** Material provided **
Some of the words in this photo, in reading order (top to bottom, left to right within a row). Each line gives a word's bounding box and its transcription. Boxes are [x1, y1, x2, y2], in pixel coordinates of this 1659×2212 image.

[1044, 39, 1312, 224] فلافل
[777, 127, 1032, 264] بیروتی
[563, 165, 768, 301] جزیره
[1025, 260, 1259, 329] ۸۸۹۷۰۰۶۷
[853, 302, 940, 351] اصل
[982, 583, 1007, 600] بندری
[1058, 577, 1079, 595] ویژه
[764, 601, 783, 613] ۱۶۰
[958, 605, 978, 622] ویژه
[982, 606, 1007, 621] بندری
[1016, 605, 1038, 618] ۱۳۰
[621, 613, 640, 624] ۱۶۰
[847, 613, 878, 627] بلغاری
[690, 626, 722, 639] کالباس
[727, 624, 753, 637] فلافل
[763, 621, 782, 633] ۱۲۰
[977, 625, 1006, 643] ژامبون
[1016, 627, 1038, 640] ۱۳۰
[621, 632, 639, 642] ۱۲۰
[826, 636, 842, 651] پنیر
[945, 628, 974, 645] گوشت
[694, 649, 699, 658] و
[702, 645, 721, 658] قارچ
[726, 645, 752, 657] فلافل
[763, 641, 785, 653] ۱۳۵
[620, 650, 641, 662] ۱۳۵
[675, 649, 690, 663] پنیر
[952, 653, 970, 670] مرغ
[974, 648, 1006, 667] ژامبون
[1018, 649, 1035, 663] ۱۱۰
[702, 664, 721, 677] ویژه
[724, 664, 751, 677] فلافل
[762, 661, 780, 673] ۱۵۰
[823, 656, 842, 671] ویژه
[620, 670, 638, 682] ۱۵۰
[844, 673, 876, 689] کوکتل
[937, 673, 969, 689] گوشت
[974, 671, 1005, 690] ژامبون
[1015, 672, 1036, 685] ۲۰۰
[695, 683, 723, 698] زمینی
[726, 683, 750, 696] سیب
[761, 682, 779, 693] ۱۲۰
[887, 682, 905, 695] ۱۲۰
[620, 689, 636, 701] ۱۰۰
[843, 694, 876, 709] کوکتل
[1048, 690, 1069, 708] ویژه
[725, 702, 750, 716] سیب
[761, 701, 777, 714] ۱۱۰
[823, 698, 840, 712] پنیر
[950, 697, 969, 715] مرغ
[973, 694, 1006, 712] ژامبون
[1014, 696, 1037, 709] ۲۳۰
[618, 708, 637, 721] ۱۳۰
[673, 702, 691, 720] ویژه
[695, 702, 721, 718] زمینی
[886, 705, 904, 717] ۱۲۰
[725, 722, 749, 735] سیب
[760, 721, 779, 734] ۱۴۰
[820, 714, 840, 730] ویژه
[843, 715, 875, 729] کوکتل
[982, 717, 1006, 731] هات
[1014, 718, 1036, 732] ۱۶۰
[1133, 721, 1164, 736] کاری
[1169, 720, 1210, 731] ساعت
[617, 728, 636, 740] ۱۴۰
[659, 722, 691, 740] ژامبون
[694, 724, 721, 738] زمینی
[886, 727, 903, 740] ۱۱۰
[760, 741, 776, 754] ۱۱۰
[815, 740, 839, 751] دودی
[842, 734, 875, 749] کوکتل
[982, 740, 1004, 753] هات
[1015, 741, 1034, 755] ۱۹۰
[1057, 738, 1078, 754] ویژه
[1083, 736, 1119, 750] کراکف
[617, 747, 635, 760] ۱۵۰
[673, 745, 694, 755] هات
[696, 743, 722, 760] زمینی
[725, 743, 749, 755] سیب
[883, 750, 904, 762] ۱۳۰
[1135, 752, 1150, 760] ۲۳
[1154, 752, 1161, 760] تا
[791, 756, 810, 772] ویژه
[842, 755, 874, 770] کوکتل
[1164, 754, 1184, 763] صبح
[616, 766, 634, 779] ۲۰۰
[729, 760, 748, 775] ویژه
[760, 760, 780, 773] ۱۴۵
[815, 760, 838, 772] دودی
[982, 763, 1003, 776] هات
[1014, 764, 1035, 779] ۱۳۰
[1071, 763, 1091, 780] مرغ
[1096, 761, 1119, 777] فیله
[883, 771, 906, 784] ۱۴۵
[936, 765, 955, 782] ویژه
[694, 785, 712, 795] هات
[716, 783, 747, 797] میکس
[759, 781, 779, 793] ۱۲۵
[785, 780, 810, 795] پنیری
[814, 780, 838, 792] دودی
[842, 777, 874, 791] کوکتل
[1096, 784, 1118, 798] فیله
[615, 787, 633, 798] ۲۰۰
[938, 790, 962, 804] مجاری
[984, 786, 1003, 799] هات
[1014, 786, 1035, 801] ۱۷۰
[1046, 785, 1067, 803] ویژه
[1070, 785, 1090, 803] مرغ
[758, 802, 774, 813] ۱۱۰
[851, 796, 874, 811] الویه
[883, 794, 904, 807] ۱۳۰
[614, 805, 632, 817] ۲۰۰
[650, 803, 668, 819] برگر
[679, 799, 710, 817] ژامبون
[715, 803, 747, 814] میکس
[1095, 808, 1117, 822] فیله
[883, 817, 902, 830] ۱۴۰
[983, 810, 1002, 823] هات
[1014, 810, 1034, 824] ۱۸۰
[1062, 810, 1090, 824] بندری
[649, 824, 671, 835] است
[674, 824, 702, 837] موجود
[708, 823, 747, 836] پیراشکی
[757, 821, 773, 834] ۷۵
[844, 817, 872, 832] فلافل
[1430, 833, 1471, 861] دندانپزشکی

** Exercise details **
Copy each line of the data that includes the word "زمینی".

** Completed exercise **
[695, 683, 723, 698] زمینی
[695, 702, 721, 718] زمینی
[694, 724, 721, 738] زمینی
[696, 743, 722, 760] زمینی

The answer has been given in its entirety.